Pierre Khalfa, syndicaliste reconnaît « que discuter des alternatives est difficile. Pèsent sur nous, souligne-t-il, les expériences du passé, leurs échecs, le stalinisme, la sociale démocratie, les expériences de gauche en Amérique Latine. Nous ne sommes pas sortis de la crise du bilan du socialisme réel du XXème siècle », estime-t-il.
« L'objectif que nous devons avoir, poursuit le syndicaliste, c'est de ré-encastrer l'économie dans la société alors que le capitalisme a sorti l'économie de la société et l'a établi en force dominante ».
« Mais, surtout, estime Pierre Khalfa, il faut, pour transformer la société, qu'un autre imaginaire dominant s'impose. » Et d'avancer « une perspective, qui doit, explique-t-il, surdéterminée la question alternative, c'est la question démocratique.

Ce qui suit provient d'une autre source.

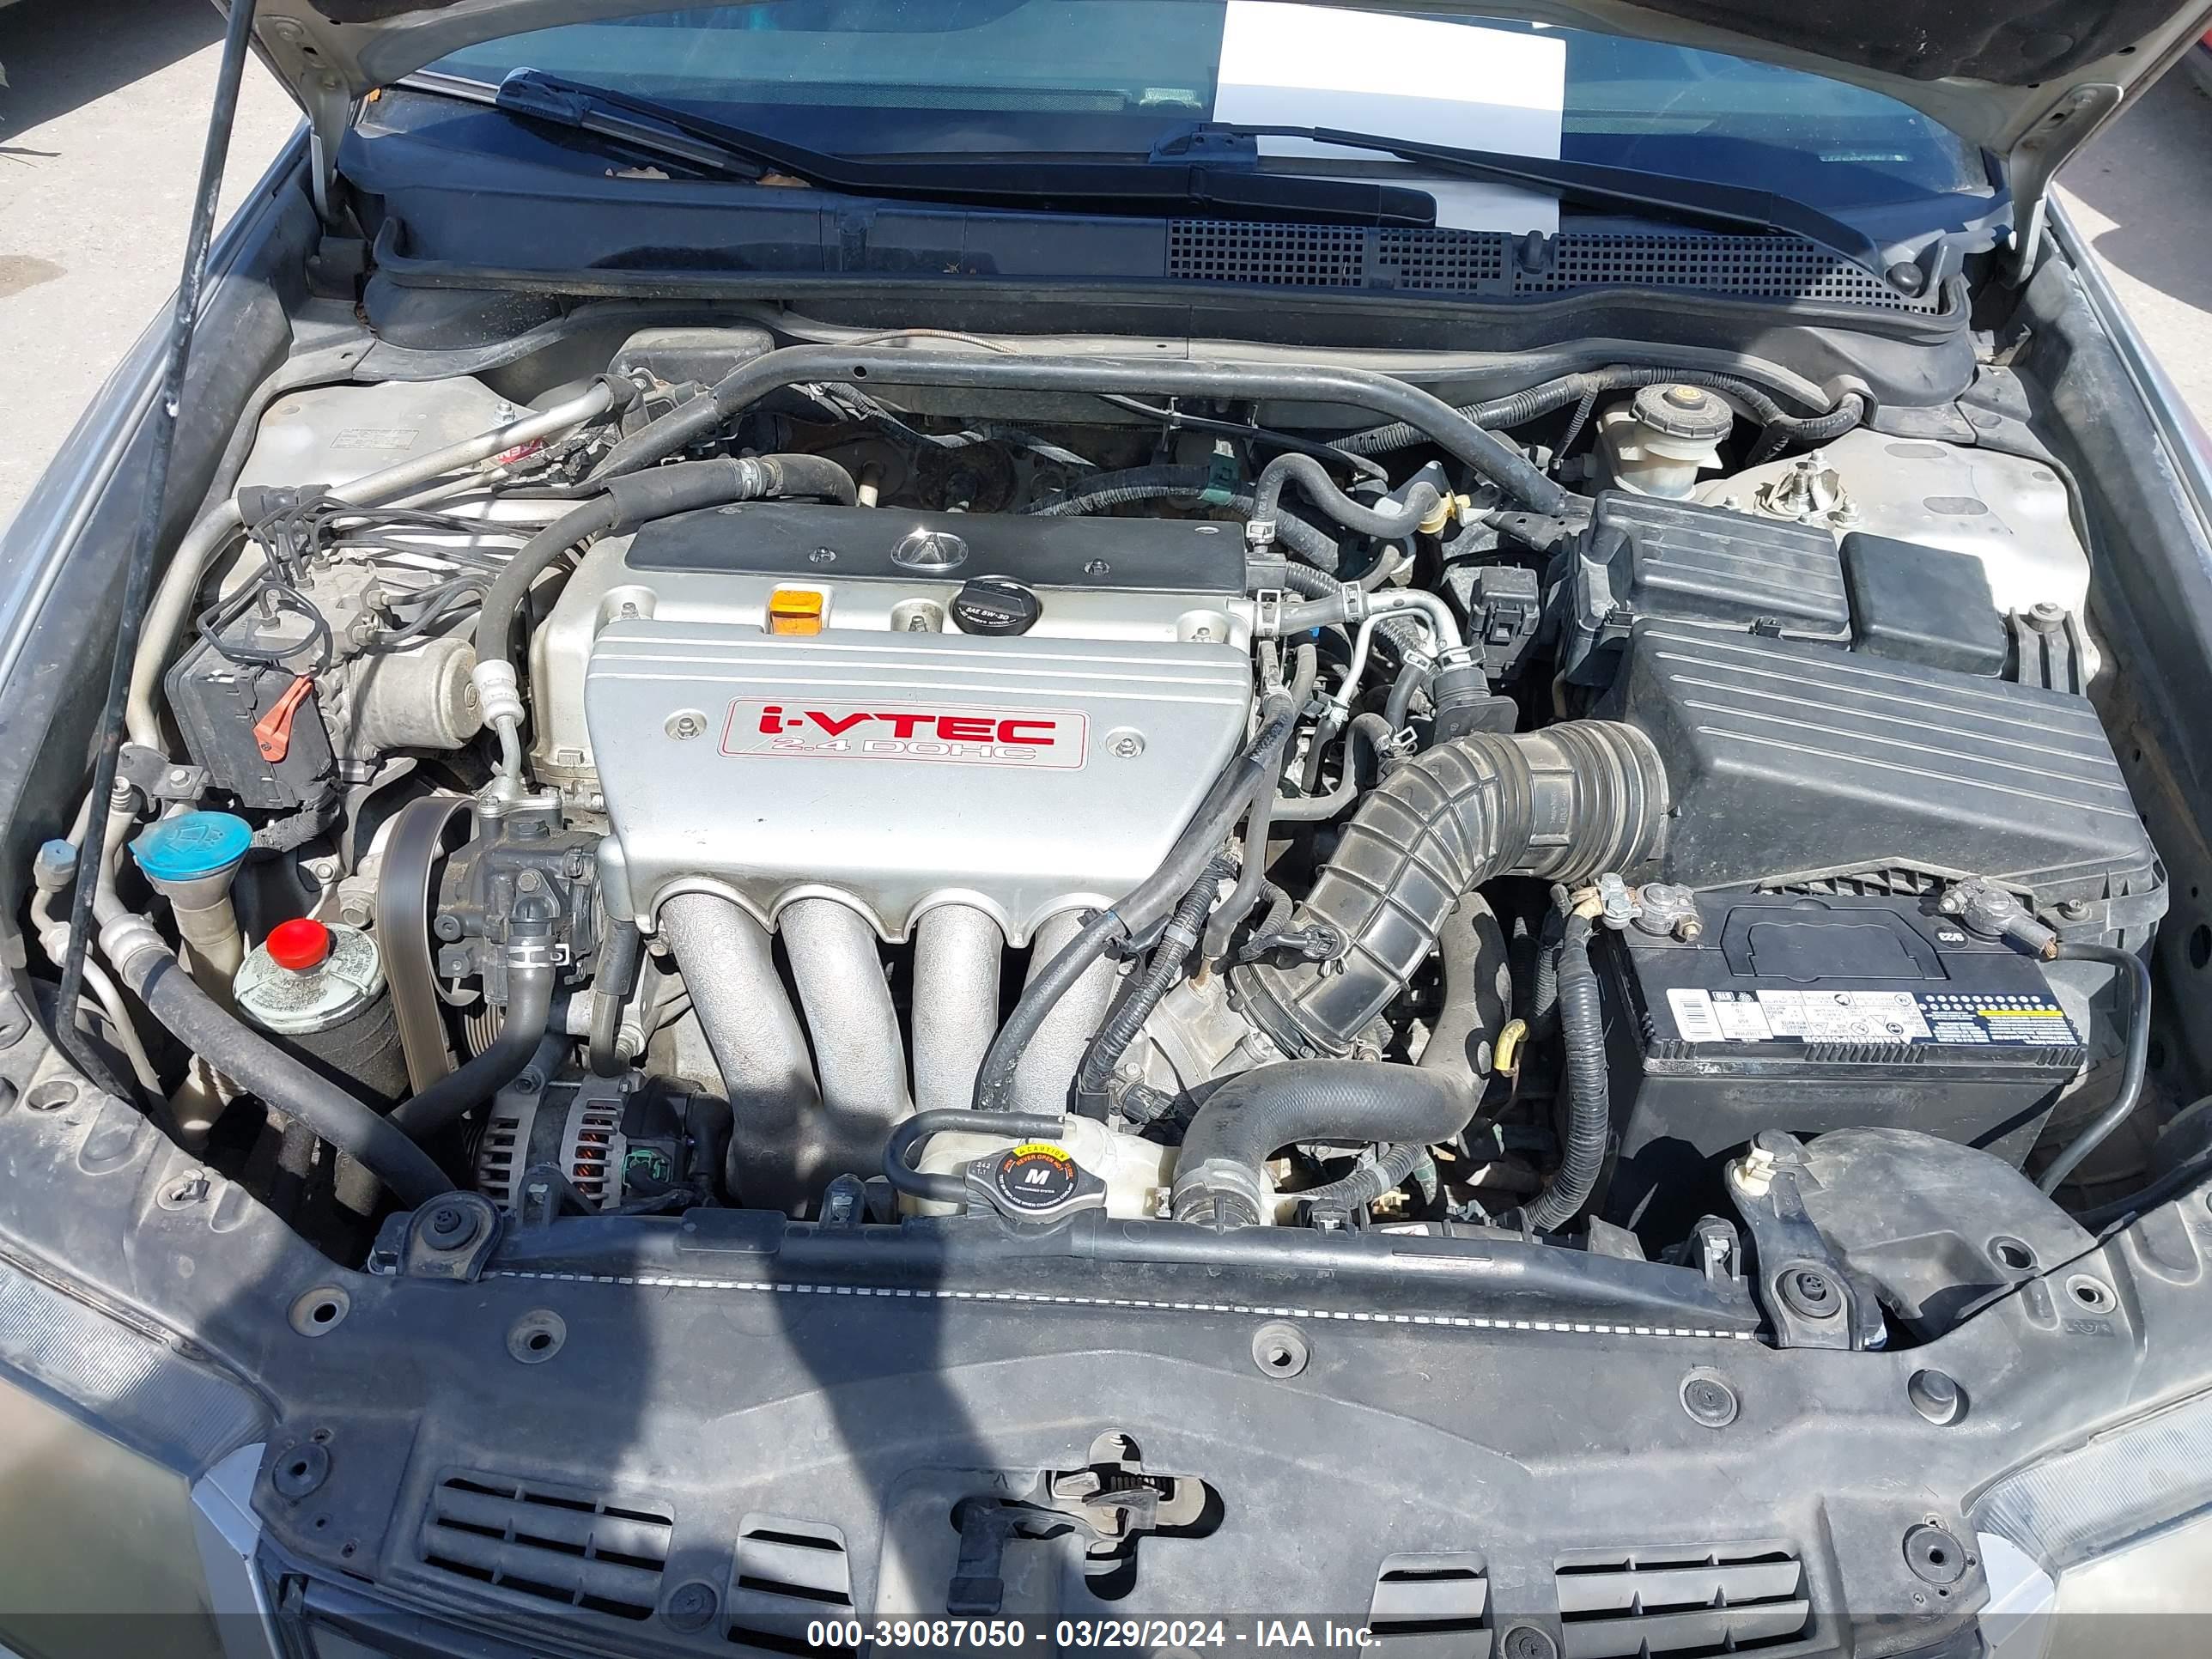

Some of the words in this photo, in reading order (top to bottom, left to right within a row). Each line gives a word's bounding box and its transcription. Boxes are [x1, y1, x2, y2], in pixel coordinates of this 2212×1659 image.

Celle-ci, considère le syndicaliste, doit donner les moyens, les capacités à tous pour agir, pour maîtriser la vie dans les entreprises, déterminer les orientations entrepreneuriales et sociales collectivement. »
La démocratie est dans ce discours proposée comme « axe stratégique, global et local pour construire le bloc hégémonique alternatif » Sans doute, mais est-ce suffisant ? Le syndicaliste lui-même ne le pense pas.

Des mondes parallèles

L'imaginaire socialiste qui a traversé le XIXéme et le XXeme siècle présentait une alternative globale. Des réponses quotidiennes et de proximité à travers l'action syndicale et locale, la solidarité et la culture ouvrière et populaire ; des perspectives de transformation globale à travers la collectivisation et l'appropriation des moyens de production, la lutte politique.

Construire le nécessaire bloc hégémonique de la transformation du XXIème reste un horizon incertain. Un autre monde est possible, produire autrement, travailler autrement, répartir la richesse autrement, pour bousculer, renverser, subvertir le système rassemble, voilà qui esquisse une perspective de transformation globale. Toutefois, la pensée reste dispersée, les actions et réalisations éclatées.

Par ailleurs, les mondes de la transformation sociale, le syndicalisme, les mouvements sociaux et citoyens, l'économie sociale et solidaire, le mouvement coopératif, l'altermondialisme, qui partagent des valeurs communes de transformation demeurent des mondes parallèles, s'ignorant bien souvent. La construction d'une puissante force de transformation se jouera, sans doute, aussi, dans la convergence de ces mondes si proches mais encore si lointains.

Pour y répondre, ou tout au moins pour avancer une perspective, Susan George, la Présidente d'Honneur d'Attac appela, au terme de ces journées d'échanges intenses, mais aussi festives, « à créer les structures qui permettent d'agir ensemble. Il ne s'agit pas, expliqua Susan George, de faire une seule organisation, mais de mettre en place un comité de pilotage qui permettrait, dès à présent, l'action commune dans les situations d'urgences. Qui sont aujourd'hui, particulièrement nombreuses, ajouta-t-elle. Macron, l'Union Européenne, les entreprises, les multinationales vont nous donner l'occasion d'agir ensemble très rapidement ».

Une conclusion doublée par les propos d'un jeune participant à cette Université d'été solidaire et rebelle des mouvements sociaux et citoyens. « L'adversaire de Macron, déclara-t-il à la tribune devant une salle convaincue, ce n'est pas la finance, mais nous. Qu'ils viennent me chercher a-t-il dit ? On va allez le chercher. On est là tout le temps et depuis longtemps. Le capital aurait beaucoup plus avancé dans ces mauvais coups si l'on n'avait pas été là. Et aujourd'hui encore, il n'iront pas aussi loin qu'ils veulent aller, car nous sommes là, sur tous les fronts, nombreux et divers. » Une Université d'été solidaire et rebelle des mouvements sociaux et citoyens pour une rentré sociale et de transformation active et déterminée.